I'm not sure if this is right, but maybe this means that each model could be declared as a tuple with an accompanying label:

MODELS = [
    ("cc12m_32x1024_vitgan_v0.1.th", "This model does x"),
    ("cc12m_32x1024_vitgan_v0.2.th" "This model does y"),,
    ("cc12m_32x1024_mlp_mixer_v0.2.th", "This model does z"),
]

We could then display those labels on the model form on replicate.ai to make the available options more clear to users.

Curious to hear your thoughts!

cc @CJWBW @bfirsh @andreasjansson

mehdidc commented 3 years ago

Hi @zeke, sorry for my late answer, thanks for the proposition, you are absolutely right, the model names are not very informative. The thing is that the models are doing the same thing in a sense (also trained on the same prompts dataset), it's just that the architecture is different (vitgan vs mlp_mixer) and between 0.1 and 0.2 I used different set of data augmentations. The reason they are provided altogether is that the user might prefer one option over the other one for a specific prompt. One way to avoid the naming would be to to not provide model choice explicitly, but rather, display a grid of images as an output like in ICGAN (https://replicate.ai/arantxacasanova/ic_gan), where the image of each cell of the grid would be the generated image from a model.

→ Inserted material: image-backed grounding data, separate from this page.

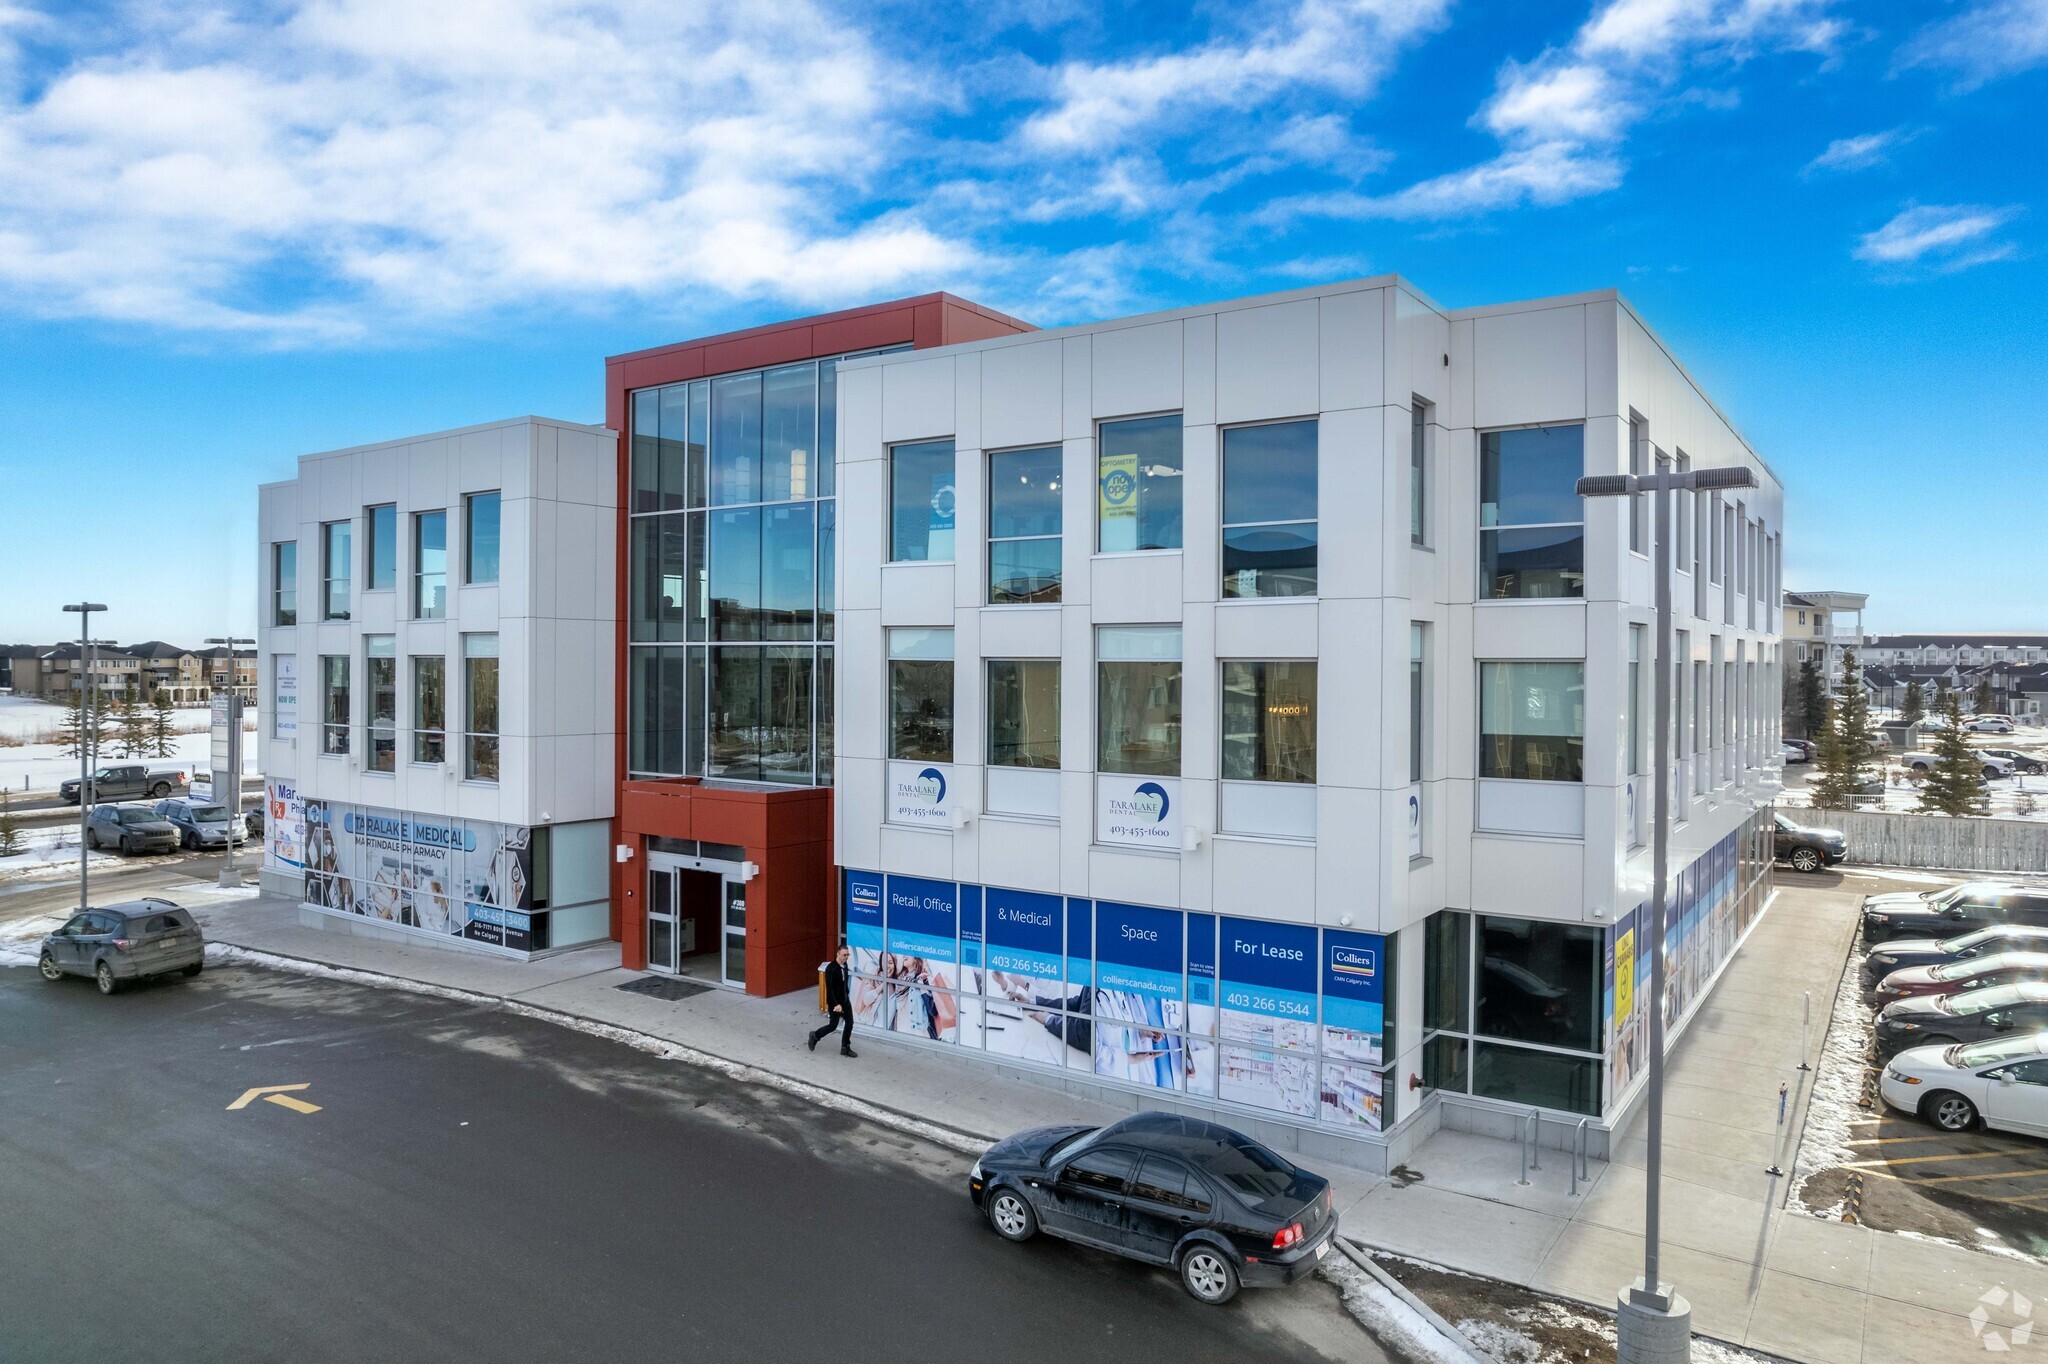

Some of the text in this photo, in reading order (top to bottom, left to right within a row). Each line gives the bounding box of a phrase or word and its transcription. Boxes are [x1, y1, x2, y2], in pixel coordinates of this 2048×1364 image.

[1101, 458, 1136, 468] OPTOMETRY
[898, 783, 937, 795] TARALAKE
[898, 807, 946, 817] 403-455-1600
[1109, 799, 1159, 812] TARALAKE
[355, 816, 463, 846] TARALAKE MEDICAL
[1109, 825, 1170, 838] 403-455-1600
[355, 836, 447, 860] MARTINDALE PHARMACY
[855, 887, 877, 898] Colliers
[506, 929, 524, 938] Avenue
[892, 893, 1304, 961] Retail, Office & Medical Space For Lease
[481, 931, 499, 942] Calgary
[892, 941, 952, 957] collierscanada.com
[1336, 951, 1370, 965] Colliers
[992, 955, 1057, 975] 403 266 5544
[1102, 975, 1176, 994] collierscanada.com
[1346, 977, 1362, 985] Calgary
[1227, 993, 1310, 1016] 403 266 5544
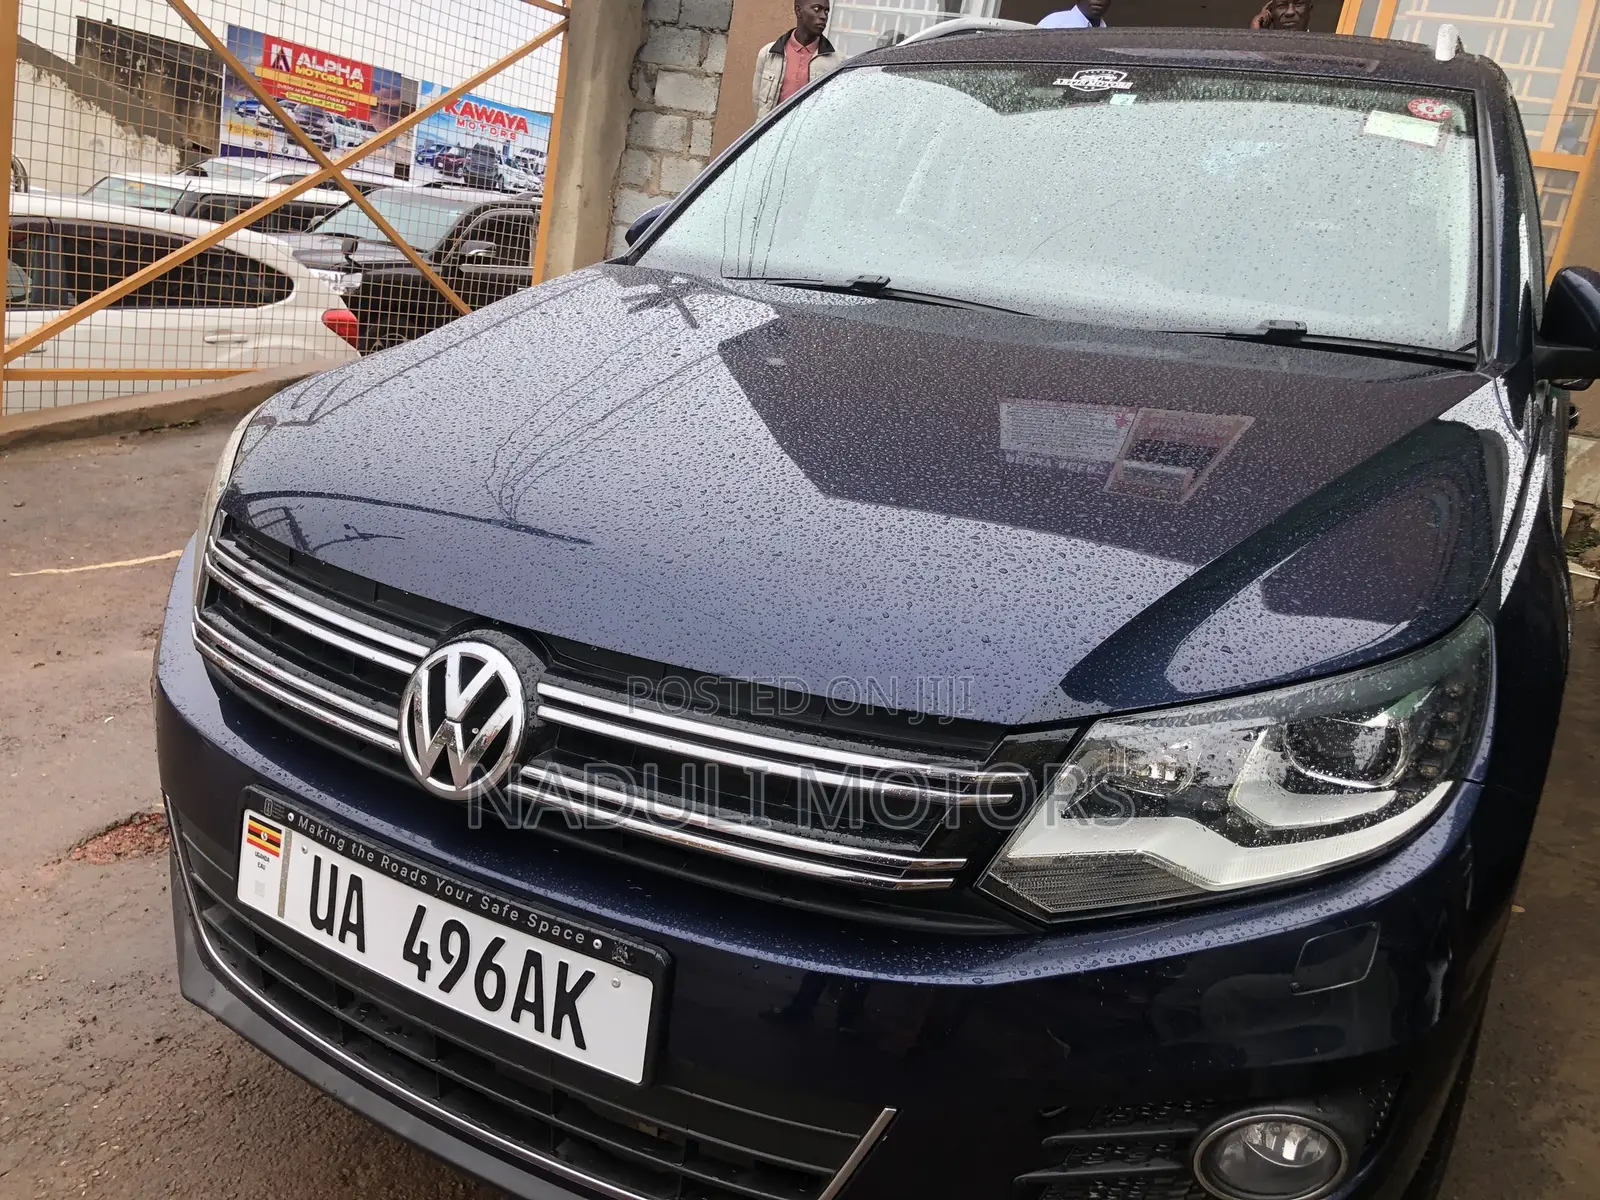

So I am not totally sure, I will think about it, if you or anyone have any propositions, would be glad to hear from you.

afiaka87 commented 3 years ago

@mehdidc @zeke

The distinguishing information is: modelType: ["mlp_mixer", "vitgan"] -> basically "experimental (mlp_mixer) versus established (vitgan)" version: ["v0.1", "v0.2"] -> not sure what the precise differences are here, @mehdidc ? dimension: [128, 256, 512, 1024] -> correlates directly with accuracy of model. bigger is better, but slower. depth: [8, 16, 32] -> number of hidden layers. correlates directly with accuracy of model. bigger is better, but slower.

this info is contained in the filename (albeit cryptically) . The format is: {dataset}_{depth}x{dimension}_{type}_{version} if you remove the curly braces. So cc12m_32x1024_vitgan_v0 gives you: dataset: cc12m depth: 32 dimension 1024 type: vitgan version: v0

From skimming your post @zeke am I correct in assuming you have a somewhat limited API to work with on replicate? There are a few ways this information could be presented. Perhaps easiest would be to summarize this info and make it easy to get to from replicate.